The keynote was Uwe Franke from Daimler, whom many of us remember from the 2013 Photogrammetric Week, describing work by Mercedes on vision systems for autonomous vehicles. He was followed by Christian Heipke (Leibniz Universität Hannover; President of ISPRS) on photogrammetric image sequence analysis; Philipp Lottes University of Bonn, on plant perception systems for agricultural robots; Fabio Remondo (Bruno Kessler Foundation, Trento, Italy) on geoprocessing of historical aerial images; Philipp Glira (Austrian Institute of Technology, Vienna) on combined adjustment of lidar point clouds and aerial images; and Davide Cucci on adjustment of raw IMU data and aerial images. The presentations by Colomina, Glira and Cucci were food for thought on approaches to optimal processing of sensor data.
Thursday’s topic was “Deep learning, crowd sourcing”. The three papers on the first part were given by Jan Dirk Wegner (ETH Zurich, keynote), Ribana Rocher (University of Bonn) and Peter Reinartz (DLR), whereas the crowd-sourcing speakers were Volker Walter (Stuttgart), Charles Toth (The Ohio State University) and Bernard Höfle (Heidelberg University). All six presentations were valuable updates in two key areas of today’s geospatial world.
The fourth and final topic, “Mapping, modern construction and visualization”, was more mixed. The keynote speaker was Nicolas Paparoditis (IGN, France; ISPRS Congress Director) on research trends and applications of 3D data at IGN; Willem van Hinsbergh (Kadaster, The Netherlands) on countrywide DSM and large-scale 3D production; and Christian Elsner (District Government of Cologne) on open data policy in Nordrhein-Westfalen. Thus we enjoyed three accounts of extensive efforts from national or regional mapping agencies. The final two talks, by Achim Menges and Daniel Weiskopf, University of Stuttgart, on integrative computational design and construction, and immersive analytics, were interesting but somewhat peripheral to the work of readers of this magazine.
The week of intense presentations from acknowledged experts, interspersed with the afternoon demos, was blended with a strong social program offering extensive networking opportunities, culminating in a cruise on the River Neckar on Thursday evening. This formula entices participants to return to Stuttgart. Your reporter has been doing so for almost 30 years and is pleased to conclude that this 57th Photogrammetric Week, the second under the leadership of Prof. Uwe Sörgel, was one of the best. Long may it continue.

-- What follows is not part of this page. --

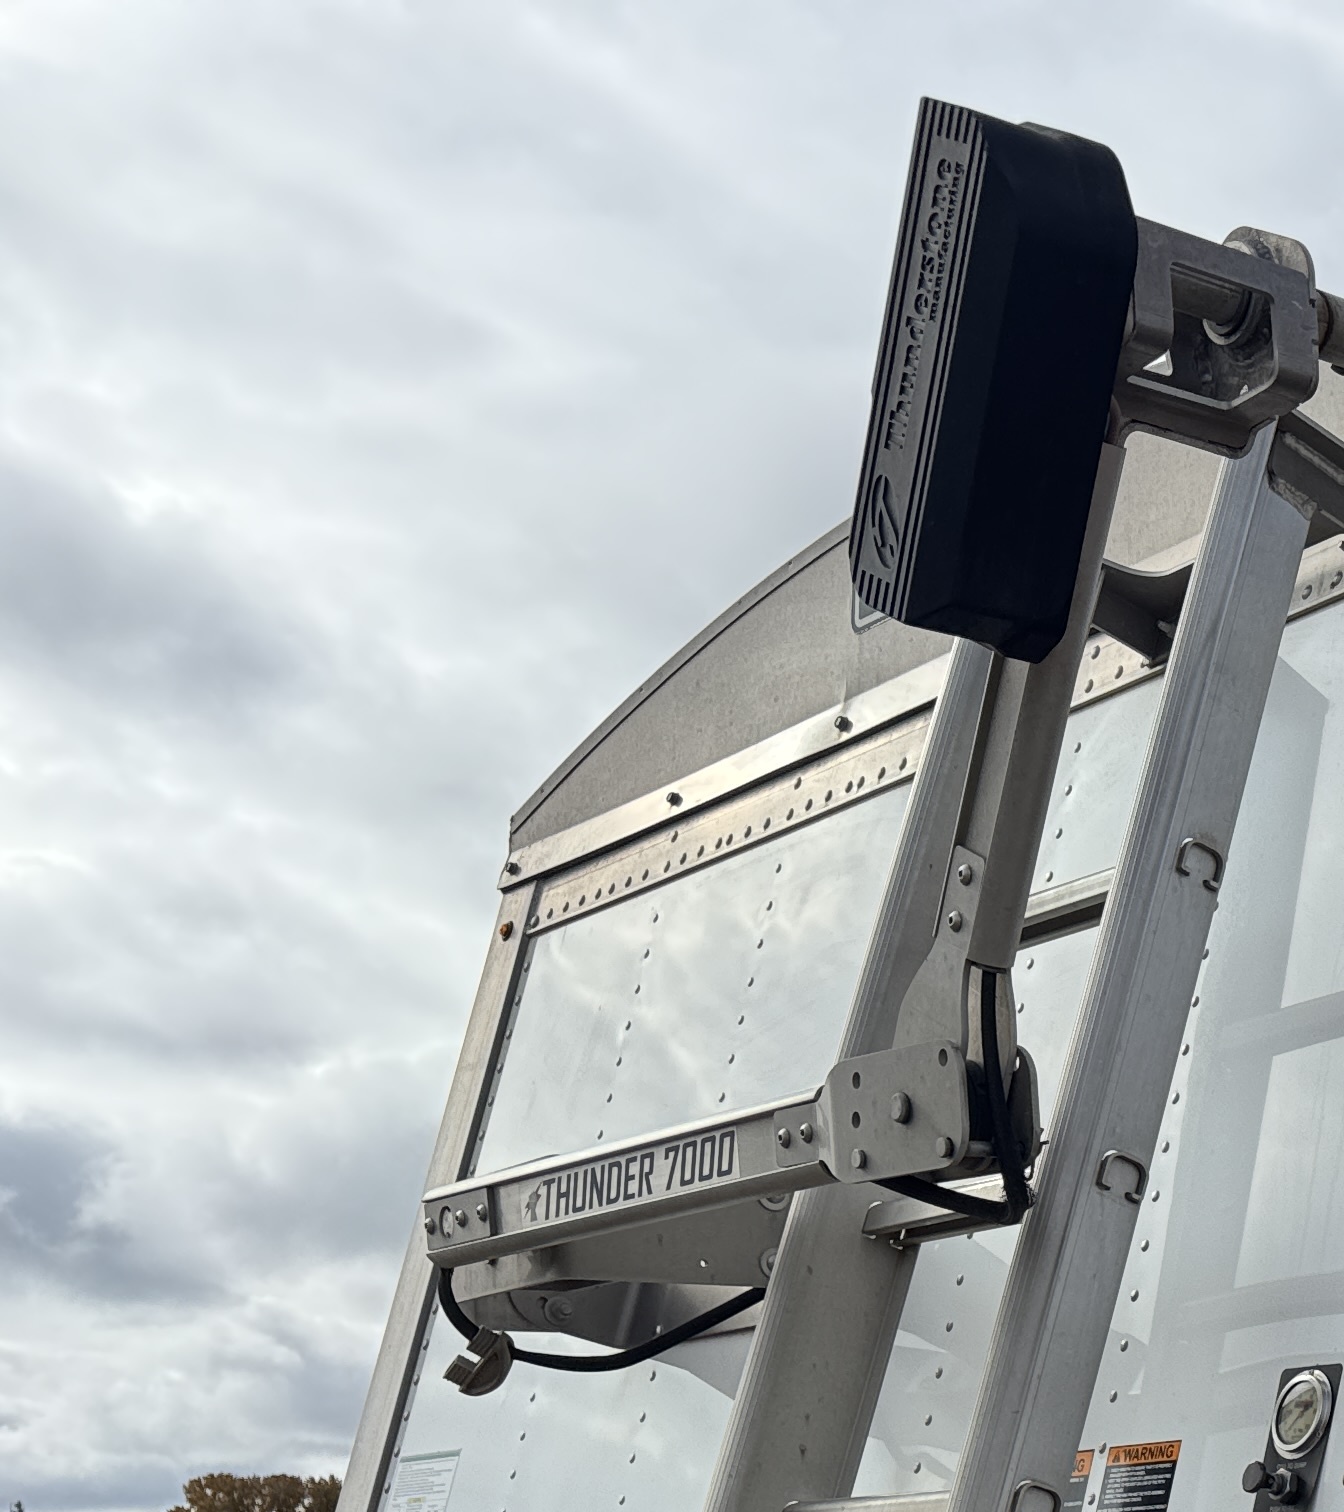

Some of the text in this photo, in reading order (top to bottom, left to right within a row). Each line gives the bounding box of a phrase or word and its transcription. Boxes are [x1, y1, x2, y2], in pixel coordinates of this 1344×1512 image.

[884, 158, 953, 451] Thunderstone
[541, 1130, 736, 1222] THUNDER 7000
[1122, 1444, 1175, 1462] WARNING

A full article will appear in the digital and print versions of the magazine very soon, attempting to explore the significance of some of the messages from the speakers and PhoWo partners. LIDAR Magazine, furthermore, invited several symposiasts to submit articles! Meanwhile, mark your calendars for the 58th Photogrammetric Week, which will take place in Stuttgart from 13 to 17 September 2021! This event dependably serves top quality updates of the state-of-the-art in photogrammetry, lidar and remote sensing, all in a popular format honed over 110 years.